(Supplied records):
__________________________________________________

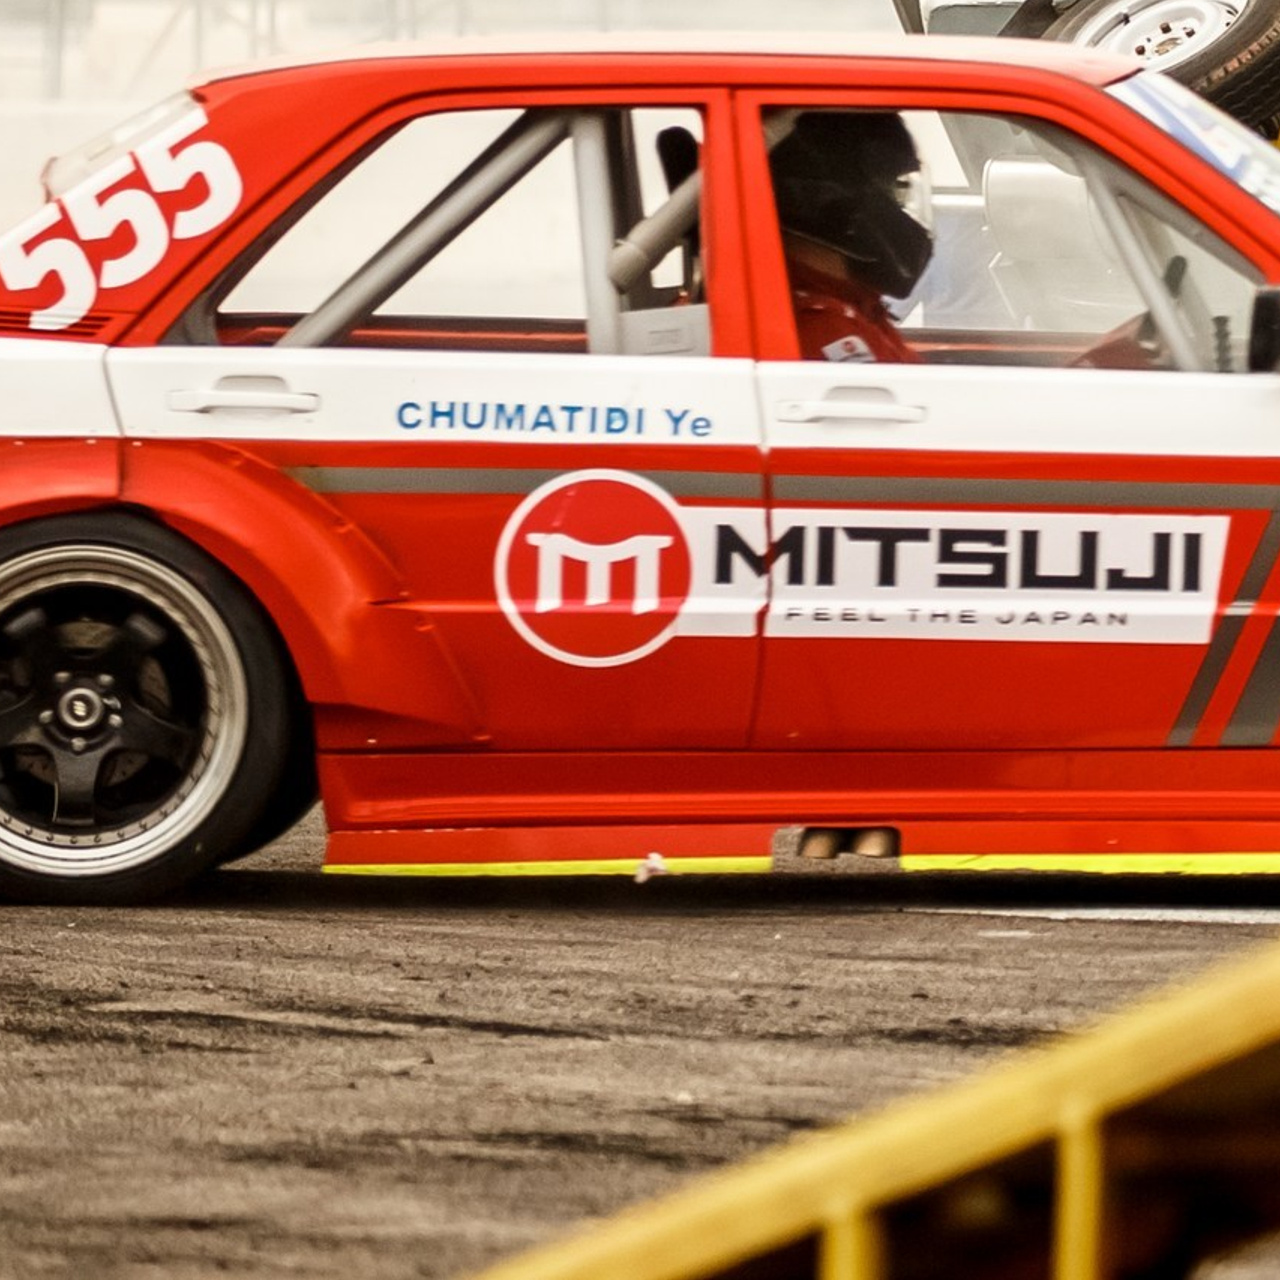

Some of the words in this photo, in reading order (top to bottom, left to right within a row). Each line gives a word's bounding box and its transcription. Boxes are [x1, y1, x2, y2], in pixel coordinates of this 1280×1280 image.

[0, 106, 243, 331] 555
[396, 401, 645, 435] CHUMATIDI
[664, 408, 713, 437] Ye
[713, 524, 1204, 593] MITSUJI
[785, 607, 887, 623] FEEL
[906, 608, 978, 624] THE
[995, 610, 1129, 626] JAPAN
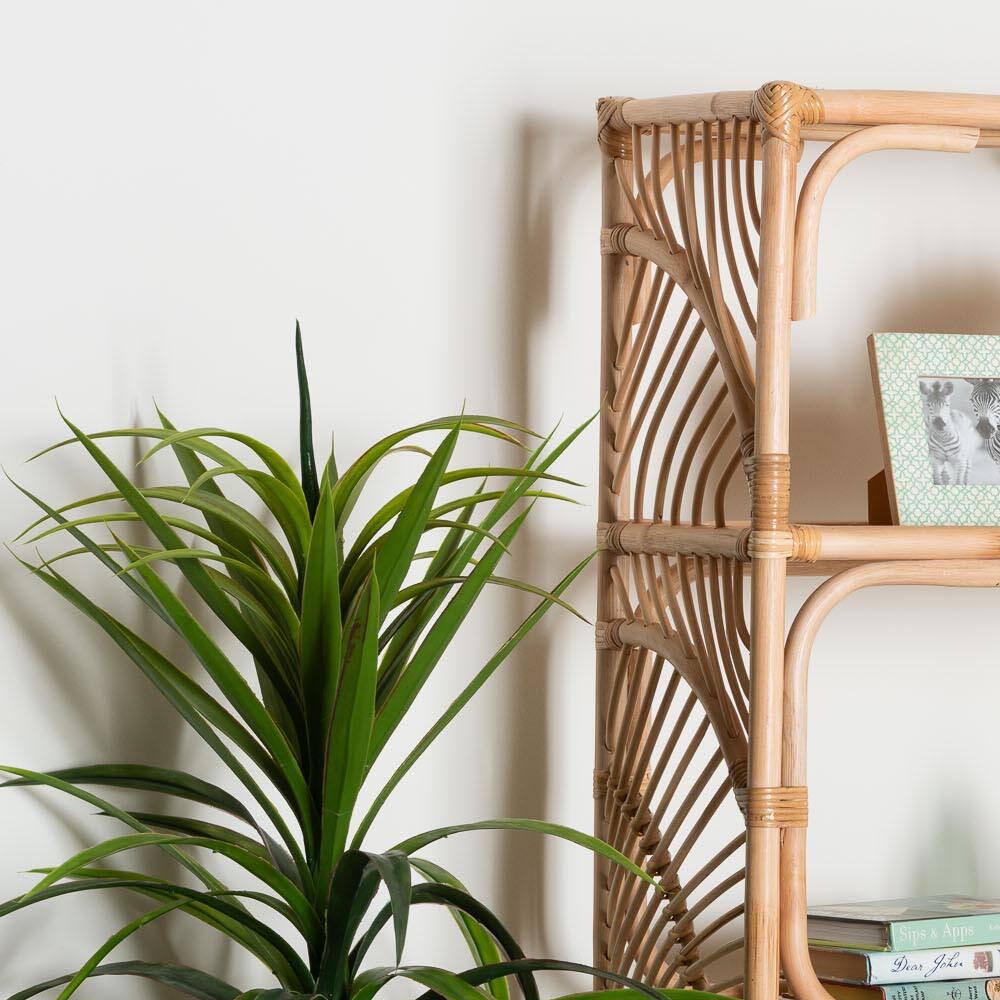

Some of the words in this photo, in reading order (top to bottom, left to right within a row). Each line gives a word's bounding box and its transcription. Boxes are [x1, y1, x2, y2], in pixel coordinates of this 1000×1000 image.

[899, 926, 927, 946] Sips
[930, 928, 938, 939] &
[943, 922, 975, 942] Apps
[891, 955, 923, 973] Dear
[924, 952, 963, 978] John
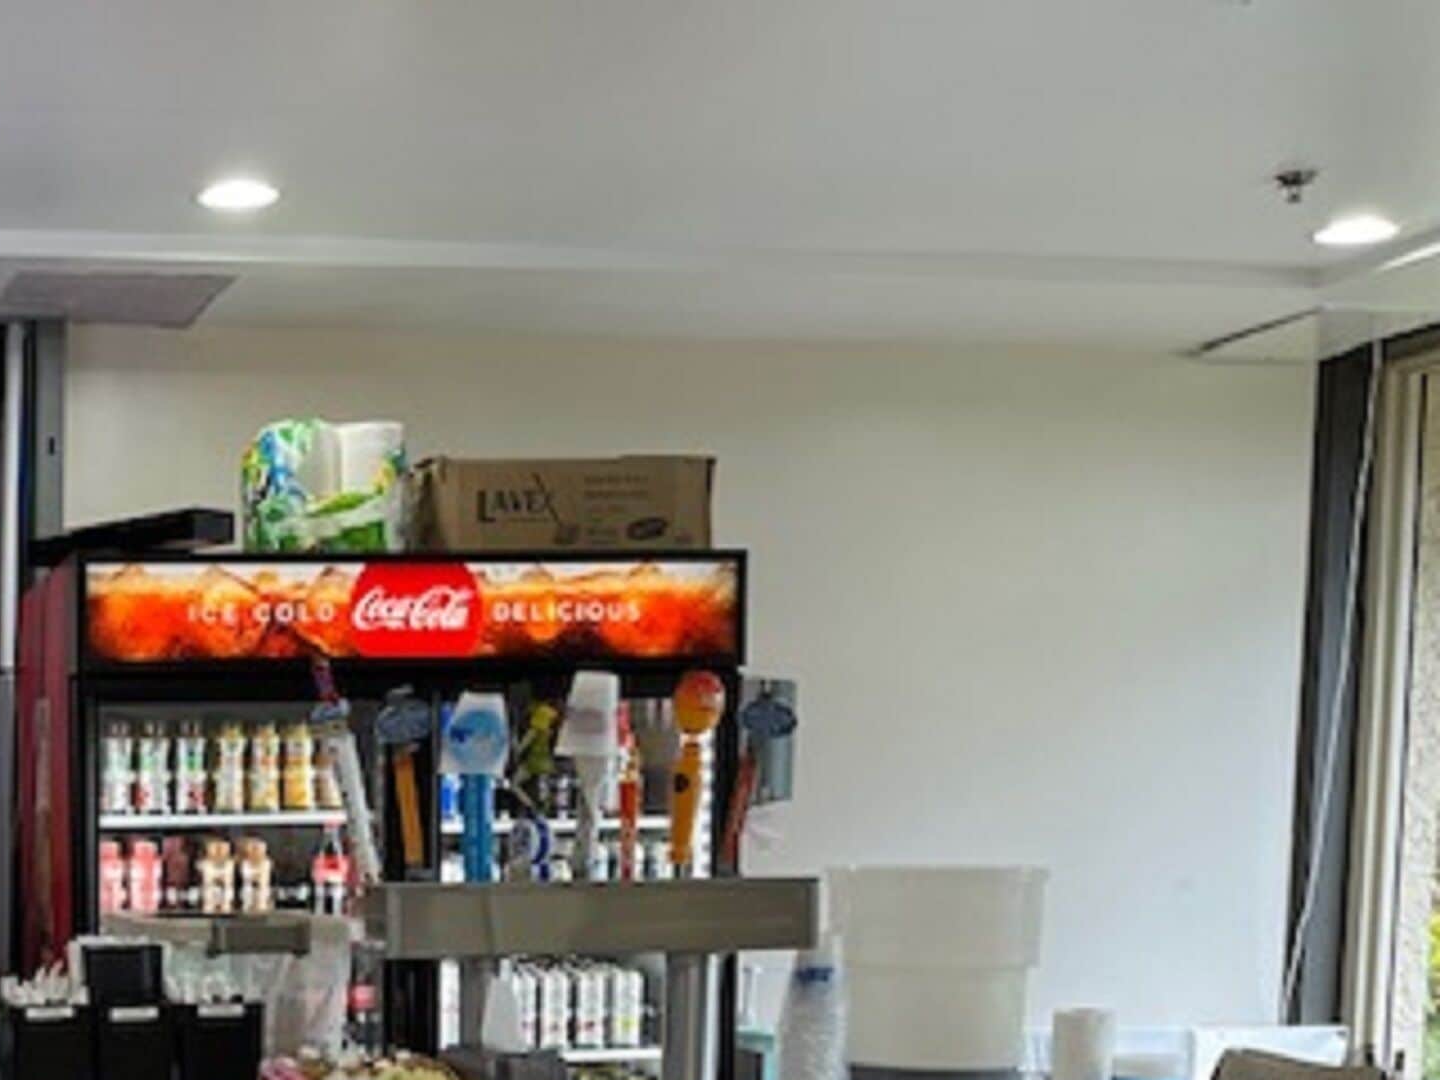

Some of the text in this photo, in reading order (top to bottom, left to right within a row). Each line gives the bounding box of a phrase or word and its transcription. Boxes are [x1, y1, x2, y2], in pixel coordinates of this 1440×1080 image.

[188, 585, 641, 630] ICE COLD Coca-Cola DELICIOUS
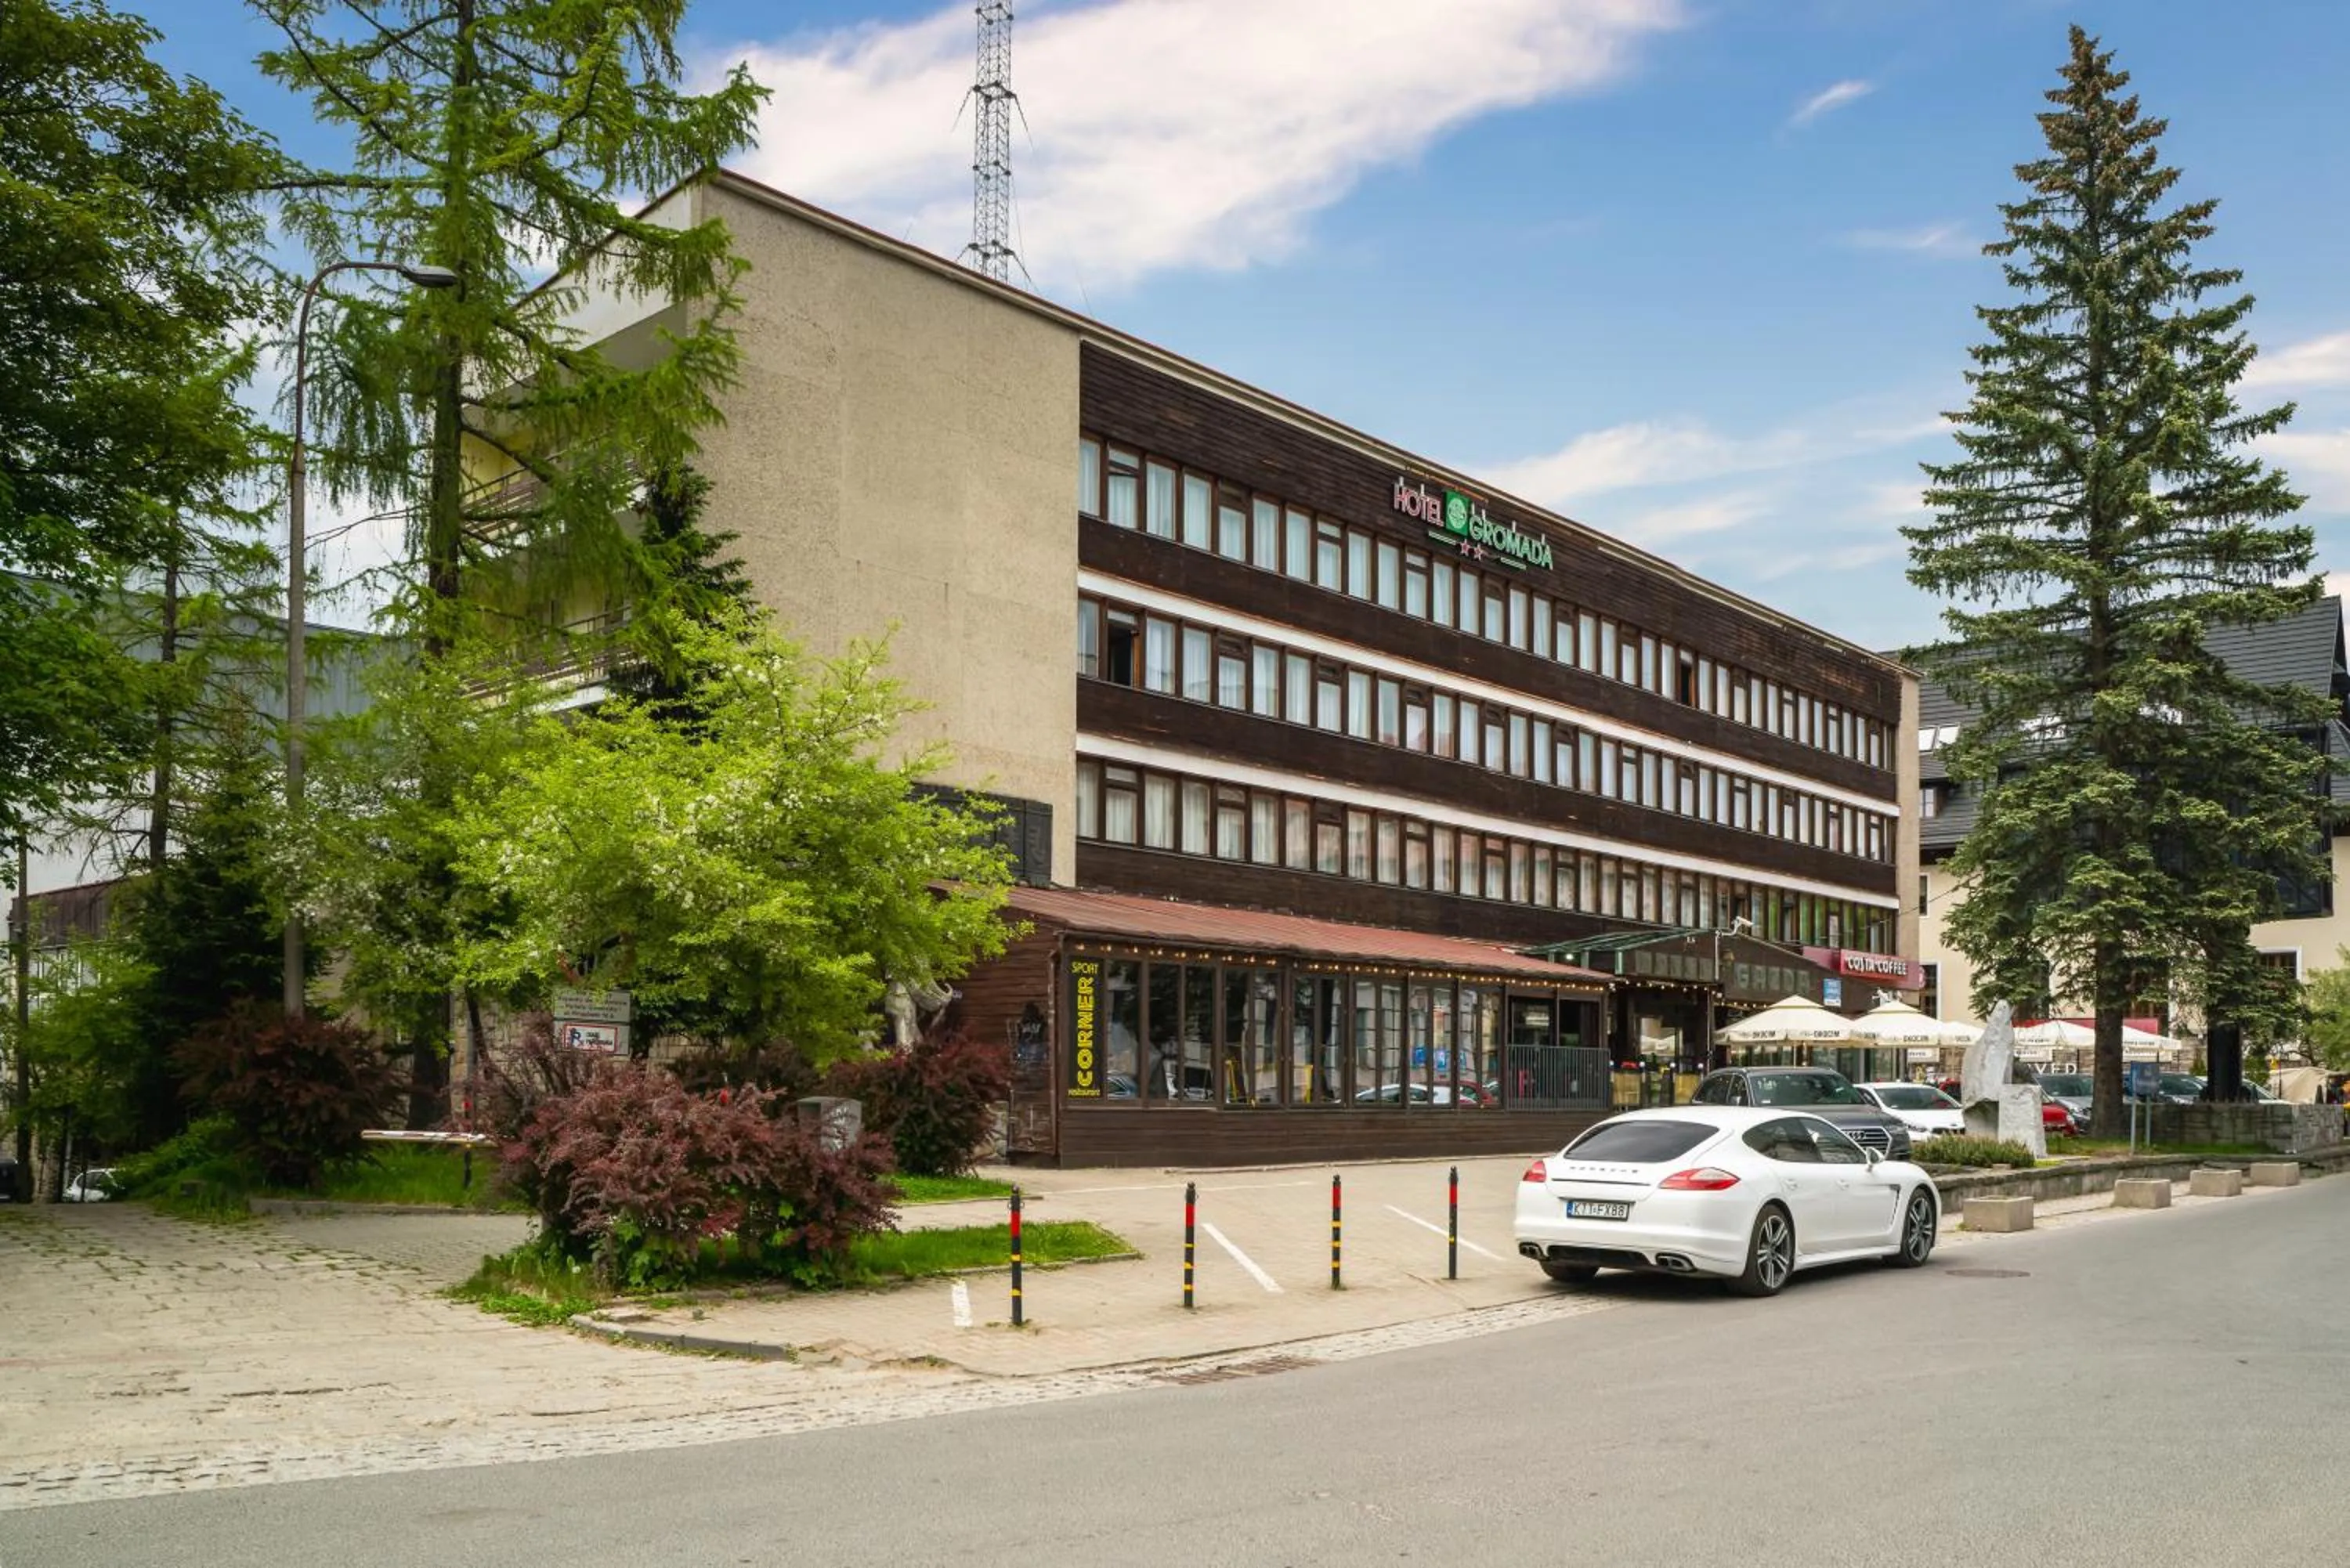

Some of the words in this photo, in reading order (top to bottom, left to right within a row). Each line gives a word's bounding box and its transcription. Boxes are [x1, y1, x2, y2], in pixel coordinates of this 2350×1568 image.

__________________________________________________

(Task description):
Give the preceding data back exactly, minus every picture.

(Output for this exercise):
Some of the words in this photo, in reading order (top to bottom, left to right within a row). Each line gives a word's bounding box and its transcription. Boxes are [x1, y1, x2, y2], in pixel coordinates of this 1280×1280 image.

[0, 106, 243, 331] 555
[396, 401, 645, 435] CHUMATIDI
[664, 408, 713, 437] Ye
[713, 524, 1204, 593] MITSUJI
[785, 607, 887, 623] FEEL
[906, 608, 978, 624] THE
[995, 610, 1129, 626] JAPAN

Some of the words in this photo, in reading order (top to bottom, left to right within a row). Each line gives a word's bounding box and its transcription. Boxes are [x1, y1, x2, y2], in pixel coordinates of this 1000×1000 image.

[899, 926, 927, 946] Sips
[930, 928, 938, 939] &
[943, 922, 975, 942] Apps
[891, 955, 923, 973] Dear
[924, 952, 963, 978] John

Some of the text in this photo, in reading order (top to bottom, left to right within a row). Each line gives the bounding box of a phrase or word and its transcription. Boxes are [x1, y1, x2, y2], in pixel coordinates of this 1440×1080 image.

[188, 585, 641, 630] ICE COLD Coca-Cola DELICIOUS

Some of the words in this photo, in reading order (top to bottom, left to right within a row). Each line gives a word's bounding box and its transcription. Boxes are [x1, y1, x2, y2], in pixel coordinates of this 2350×1568 image.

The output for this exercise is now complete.